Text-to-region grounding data
+-------+

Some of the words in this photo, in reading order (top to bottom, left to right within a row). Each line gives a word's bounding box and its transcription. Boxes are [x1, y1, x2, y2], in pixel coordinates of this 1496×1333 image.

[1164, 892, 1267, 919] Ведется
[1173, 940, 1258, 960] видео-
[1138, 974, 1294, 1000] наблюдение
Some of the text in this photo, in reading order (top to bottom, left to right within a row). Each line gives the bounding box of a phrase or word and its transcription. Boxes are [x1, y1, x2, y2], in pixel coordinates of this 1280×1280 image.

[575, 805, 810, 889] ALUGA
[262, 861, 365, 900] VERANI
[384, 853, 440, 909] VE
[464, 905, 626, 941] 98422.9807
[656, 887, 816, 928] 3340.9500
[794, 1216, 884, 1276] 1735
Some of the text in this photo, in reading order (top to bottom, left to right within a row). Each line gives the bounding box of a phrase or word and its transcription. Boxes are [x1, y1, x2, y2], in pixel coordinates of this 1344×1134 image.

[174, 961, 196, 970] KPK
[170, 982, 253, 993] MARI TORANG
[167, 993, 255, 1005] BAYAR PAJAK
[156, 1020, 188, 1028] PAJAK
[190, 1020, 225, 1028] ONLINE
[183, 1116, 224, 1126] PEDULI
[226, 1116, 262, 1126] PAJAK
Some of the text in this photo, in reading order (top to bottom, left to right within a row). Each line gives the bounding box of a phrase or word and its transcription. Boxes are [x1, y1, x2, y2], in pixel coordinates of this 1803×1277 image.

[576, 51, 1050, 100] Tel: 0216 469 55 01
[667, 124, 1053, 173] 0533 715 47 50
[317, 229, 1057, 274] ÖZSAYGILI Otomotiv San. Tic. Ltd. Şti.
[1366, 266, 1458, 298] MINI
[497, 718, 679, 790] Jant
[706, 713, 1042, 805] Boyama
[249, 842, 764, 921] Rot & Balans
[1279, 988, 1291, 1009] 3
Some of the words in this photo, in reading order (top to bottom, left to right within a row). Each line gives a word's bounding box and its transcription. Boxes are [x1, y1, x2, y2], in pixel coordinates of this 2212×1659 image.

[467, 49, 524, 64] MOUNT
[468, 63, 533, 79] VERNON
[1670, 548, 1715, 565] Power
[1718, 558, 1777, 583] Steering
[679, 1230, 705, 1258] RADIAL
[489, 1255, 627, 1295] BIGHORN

+-------+

Every line above needs to be retyped exactly.

● **Reply to the exercise**
Some of the words in this photo, in reading order (top to bottom, left to right within a row). Each line gives a word's bounding box and its transcription. Boxes are [x1, y1, x2, y2], in pixel coordinates of this 1496×1333 image.

[1164, 892, 1267, 919] Ведется
[1173, 940, 1258, 960] видео-
[1138, 974, 1294, 1000] наблюдение
Some of the text in this photo, in reading order (top to bottom, left to right within a row). Each line gives the bounding box of a phrase or word and its transcription. Boxes are [x1, y1, x2, y2], in pixel coordinates of this 1280×1280 image.

[575, 805, 810, 889] ALUGA
[262, 861, 365, 900] VERANI
[384, 853, 440, 909] VE
[464, 905, 626, 941] 98422.9807
[656, 887, 816, 928] 3340.9500
[794, 1216, 884, 1276] 1735
Some of the text in this photo, in reading order (top to bottom, left to right within a row). Each line gives the bounding box of a phrase or word and its transcription. Boxes are [x1, y1, x2, y2], in pixel coordinates of this 1344×1134 image.

[174, 961, 196, 970] KPK
[170, 982, 253, 993] MARI TORANG
[167, 993, 255, 1005] BAYAR PAJAK
[156, 1020, 188, 1028] PAJAK
[190, 1020, 225, 1028] ONLINE
[183, 1116, 224, 1126] PEDULI
[226, 1116, 262, 1126] PAJAK
Some of the text in this photo, in reading order (top to bottom, left to right within a row). Each line gives the bounding box of a phrase or word and its transcription. Boxes are [x1, y1, x2, y2], in pixel coordinates of this 1803×1277 image.

[576, 51, 1050, 100] Tel: 0216 469 55 01
[667, 124, 1053, 173] 0533 715 47 50
[317, 229, 1057, 274] ÖZSAYGILI Otomotiv San. Tic. Ltd. Şti.
[1366, 266, 1458, 298] MINI
[497, 718, 679, 790] Jant
[706, 713, 1042, 805] Boyama
[249, 842, 764, 921] Rot & Balans
[1279, 988, 1291, 1009] 3
Some of the words in this photo, in reading order (top to bottom, left to right within a row). Each line gives a word's bounding box and its transcription. Boxes are [x1, y1, x2, y2], in pixel coordinates of this 2212×1659 image.

[467, 49, 524, 64] MOUNT
[468, 63, 533, 79] VERNON
[1670, 548, 1715, 565] Power
[1718, 558, 1777, 583] Steering
[679, 1230, 705, 1258] RADIAL
[489, 1255, 627, 1295] BIGHORN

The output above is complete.